__Problem statement__: Please retype all the data below exactly, line for line.

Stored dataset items
· · ·

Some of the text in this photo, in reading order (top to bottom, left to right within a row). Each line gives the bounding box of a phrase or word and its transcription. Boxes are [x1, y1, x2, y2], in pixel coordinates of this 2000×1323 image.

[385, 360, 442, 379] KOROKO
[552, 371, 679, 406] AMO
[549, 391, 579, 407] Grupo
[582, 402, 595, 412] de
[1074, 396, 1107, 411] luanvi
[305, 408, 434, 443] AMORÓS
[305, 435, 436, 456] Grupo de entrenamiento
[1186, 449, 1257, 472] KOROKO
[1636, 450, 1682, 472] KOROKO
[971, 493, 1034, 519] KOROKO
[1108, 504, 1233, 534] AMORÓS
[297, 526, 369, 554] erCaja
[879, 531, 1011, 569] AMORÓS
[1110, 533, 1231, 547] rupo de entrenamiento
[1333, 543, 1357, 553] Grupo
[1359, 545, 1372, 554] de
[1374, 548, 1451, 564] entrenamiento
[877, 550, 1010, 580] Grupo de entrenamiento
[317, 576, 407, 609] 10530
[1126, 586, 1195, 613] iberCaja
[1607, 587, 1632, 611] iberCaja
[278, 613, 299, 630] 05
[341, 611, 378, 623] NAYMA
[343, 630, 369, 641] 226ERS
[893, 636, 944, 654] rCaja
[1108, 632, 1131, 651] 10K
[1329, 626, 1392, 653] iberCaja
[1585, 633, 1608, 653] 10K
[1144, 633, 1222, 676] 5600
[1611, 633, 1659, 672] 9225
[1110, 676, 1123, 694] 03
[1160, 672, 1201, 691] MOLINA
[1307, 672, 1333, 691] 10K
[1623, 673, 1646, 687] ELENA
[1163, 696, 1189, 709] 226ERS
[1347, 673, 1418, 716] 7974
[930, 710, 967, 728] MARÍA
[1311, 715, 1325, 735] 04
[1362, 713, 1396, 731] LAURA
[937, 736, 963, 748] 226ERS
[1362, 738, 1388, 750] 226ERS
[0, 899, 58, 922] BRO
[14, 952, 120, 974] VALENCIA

· · ·

__Solution for this task__:
Some of the text in this photo, in reading order (top to bottom, left to right within a row). Each line gives the bounding box of a phrase or word and its transcription. Boxes are [x1, y1, x2, y2], in pixel coordinates of this 2000×1323 image.

[385, 360, 442, 379] KOROKO
[552, 371, 679, 406] AMO
[549, 391, 579, 407] Grupo
[582, 402, 595, 412] de
[1074, 396, 1107, 411] luanvi
[305, 408, 434, 443] AMORÓS
[305, 435, 436, 456] Grupo de entrenamiento
[1186, 449, 1257, 472] KOROKO
[1636, 450, 1682, 472] KOROKO
[971, 493, 1034, 519] KOROKO
[1108, 504, 1233, 534] AMORÓS
[297, 526, 369, 554] erCaja
[879, 531, 1011, 569] AMORÓS
[1110, 533, 1231, 547] rupo de entrenamiento
[1333, 543, 1357, 553] Grupo
[1359, 545, 1372, 554] de
[1374, 548, 1451, 564] entrenamiento
[877, 550, 1010, 580] Grupo de entrenamiento
[317, 576, 407, 609] 10530
[1126, 586, 1195, 613] iberCaja
[1607, 587, 1632, 611] iberCaja
[278, 613, 299, 630] 05
[341, 611, 378, 623] NAYMA
[343, 630, 369, 641] 226ERS
[893, 636, 944, 654] rCaja
[1108, 632, 1131, 651] 10K
[1329, 626, 1392, 653] iberCaja
[1585, 633, 1608, 653] 10K
[1144, 633, 1222, 676] 5600
[1611, 633, 1659, 672] 9225
[1110, 676, 1123, 694] 03
[1160, 672, 1201, 691] MOLINA
[1307, 672, 1333, 691] 10K
[1623, 673, 1646, 687] ELENA
[1163, 696, 1189, 709] 226ERS
[1347, 673, 1418, 716] 7974
[930, 710, 967, 728] MARÍA
[1311, 715, 1325, 735] 04
[1362, 713, 1396, 731] LAURA
[937, 736, 963, 748] 226ERS
[1362, 738, 1388, 750] 226ERS
[0, 899, 58, 922] BRO
[14, 952, 120, 974] VALENCIA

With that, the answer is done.